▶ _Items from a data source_
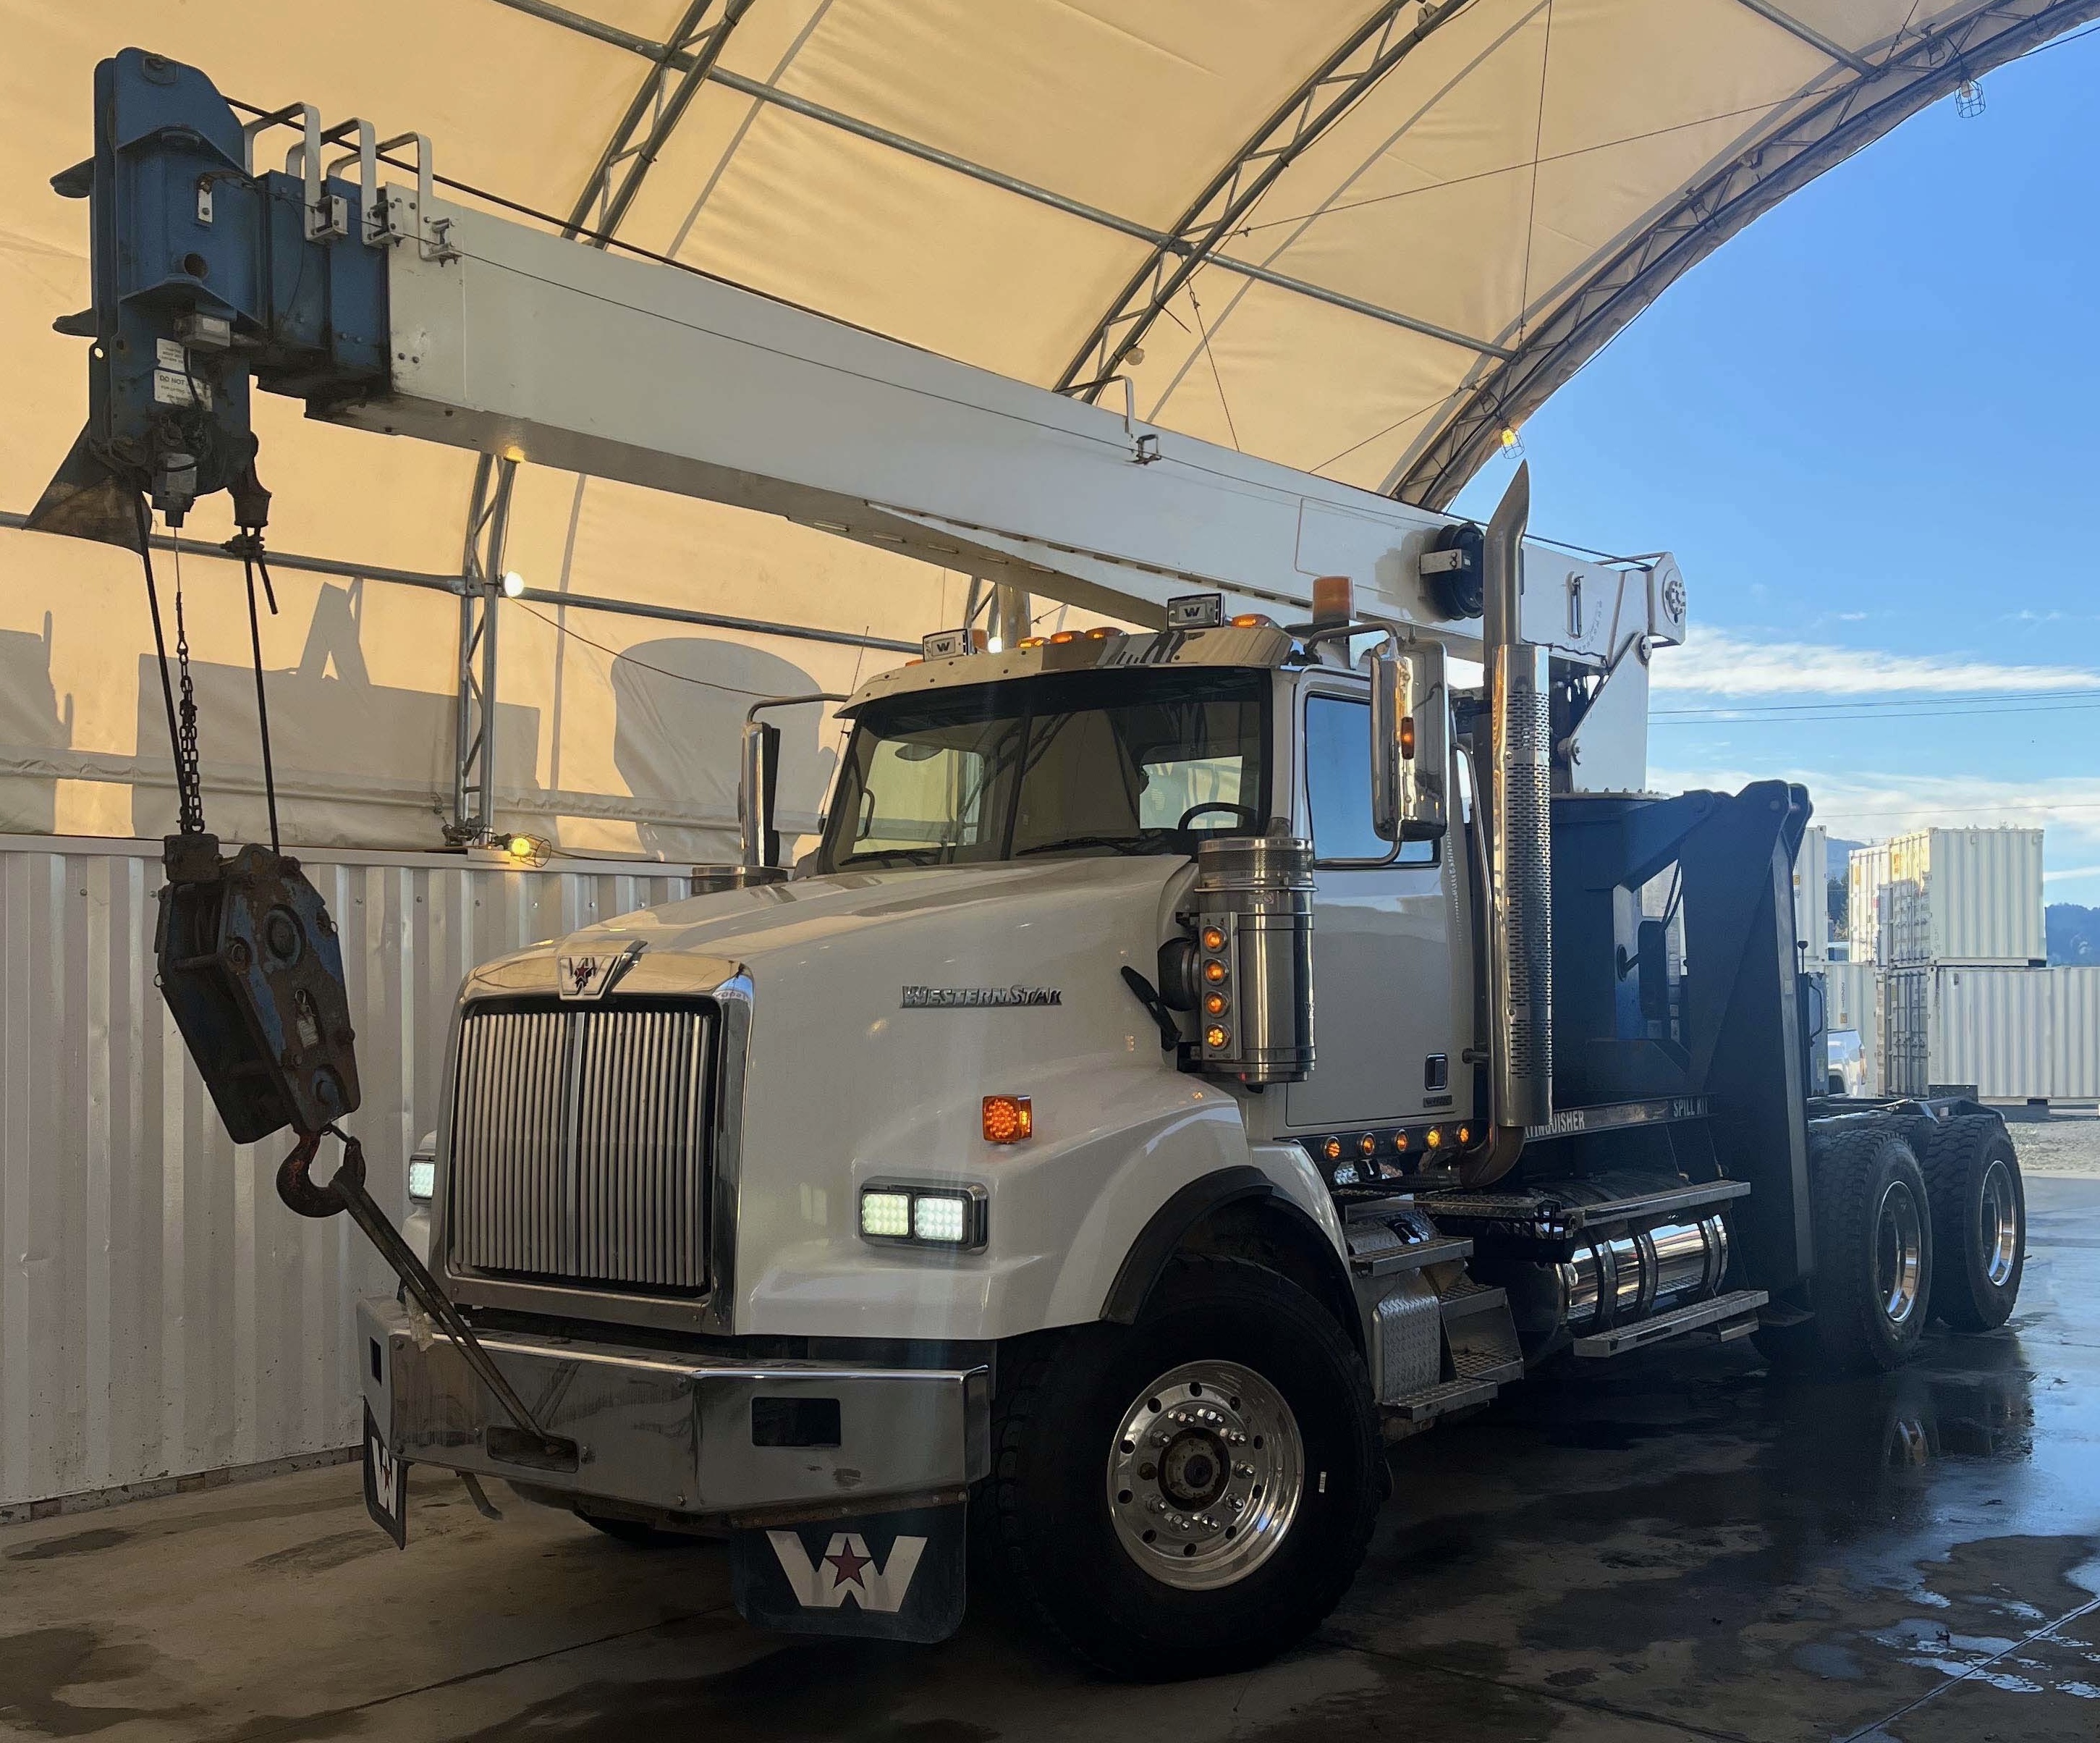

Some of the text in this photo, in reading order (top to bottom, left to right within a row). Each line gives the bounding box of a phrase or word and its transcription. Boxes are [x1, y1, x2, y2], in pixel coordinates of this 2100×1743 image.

[902, 984, 1062, 1007] WESTERN STAR
[1673, 1097, 1695, 1118] SPILL
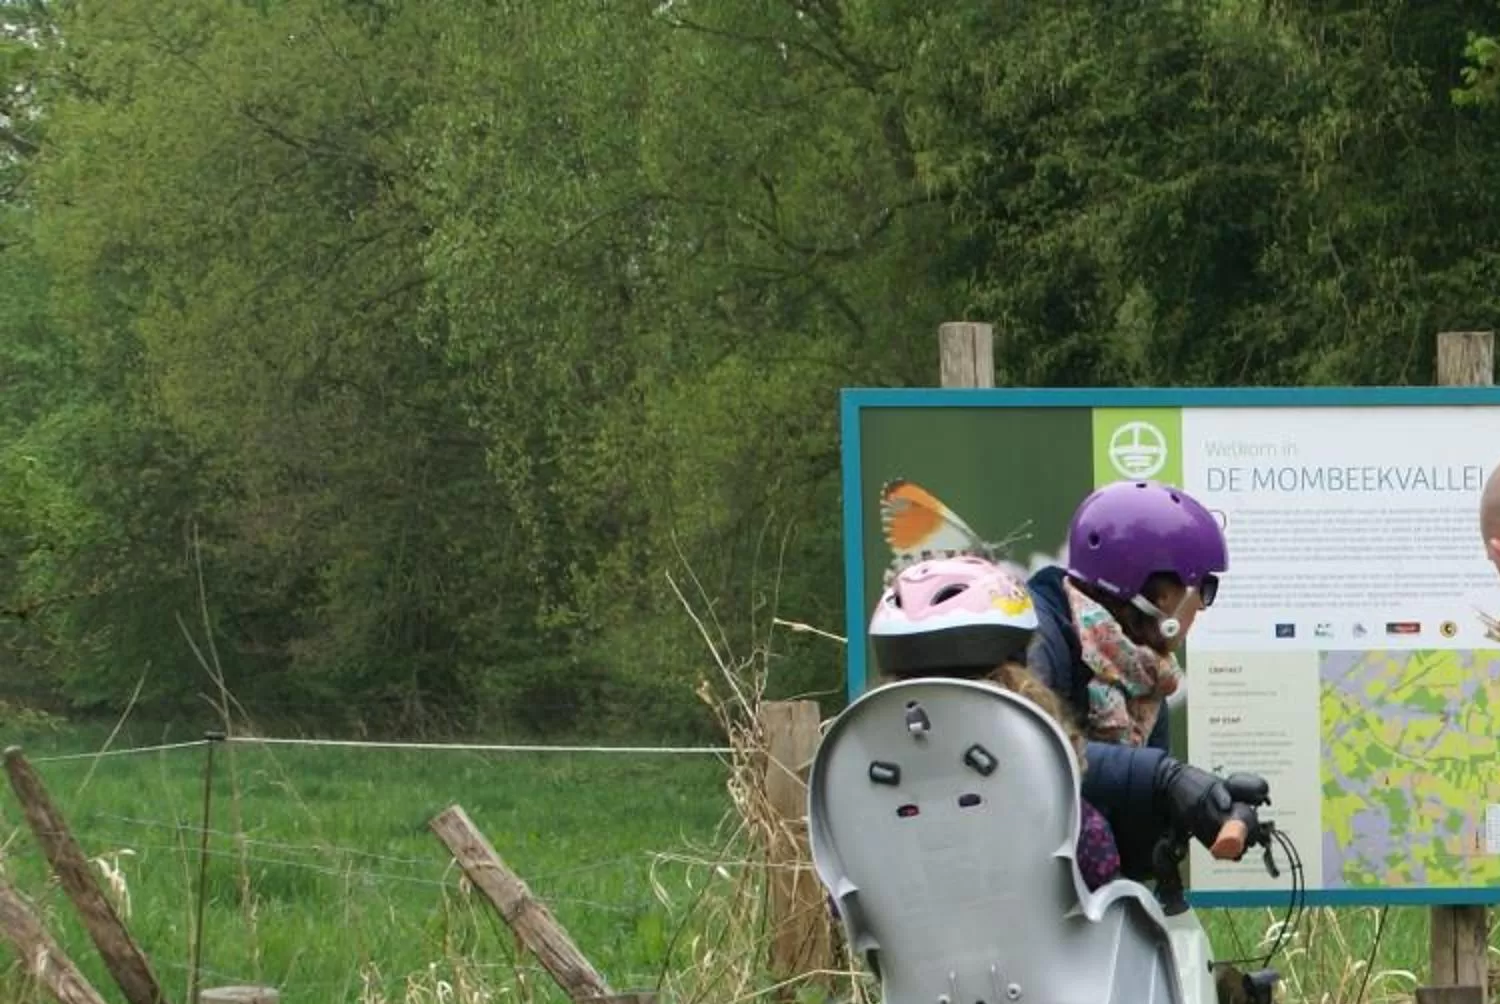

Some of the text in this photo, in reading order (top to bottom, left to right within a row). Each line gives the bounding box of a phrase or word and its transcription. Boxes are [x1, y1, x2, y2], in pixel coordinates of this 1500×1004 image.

[1204, 438, 1278, 457] Welkom
[1206, 465, 1483, 492] DE MOMBEEKVALLEI

▶ _Work instructions_
All lines from the one containing "this 1500×1004 image." to the end of the data above are to be set down exactly; no others belong in the answer.

▶ _Response to this task_
Some of the text in this photo, in reading order (top to bottom, left to right within a row). Each line gives the bounding box of a phrase or word and its transcription. Boxes are [x1, y1, x2, y2], in pixel coordinates of this 1500×1004 image.

[1204, 438, 1278, 457] Welkom
[1206, 465, 1483, 492] DE MOMBEEKVALLEI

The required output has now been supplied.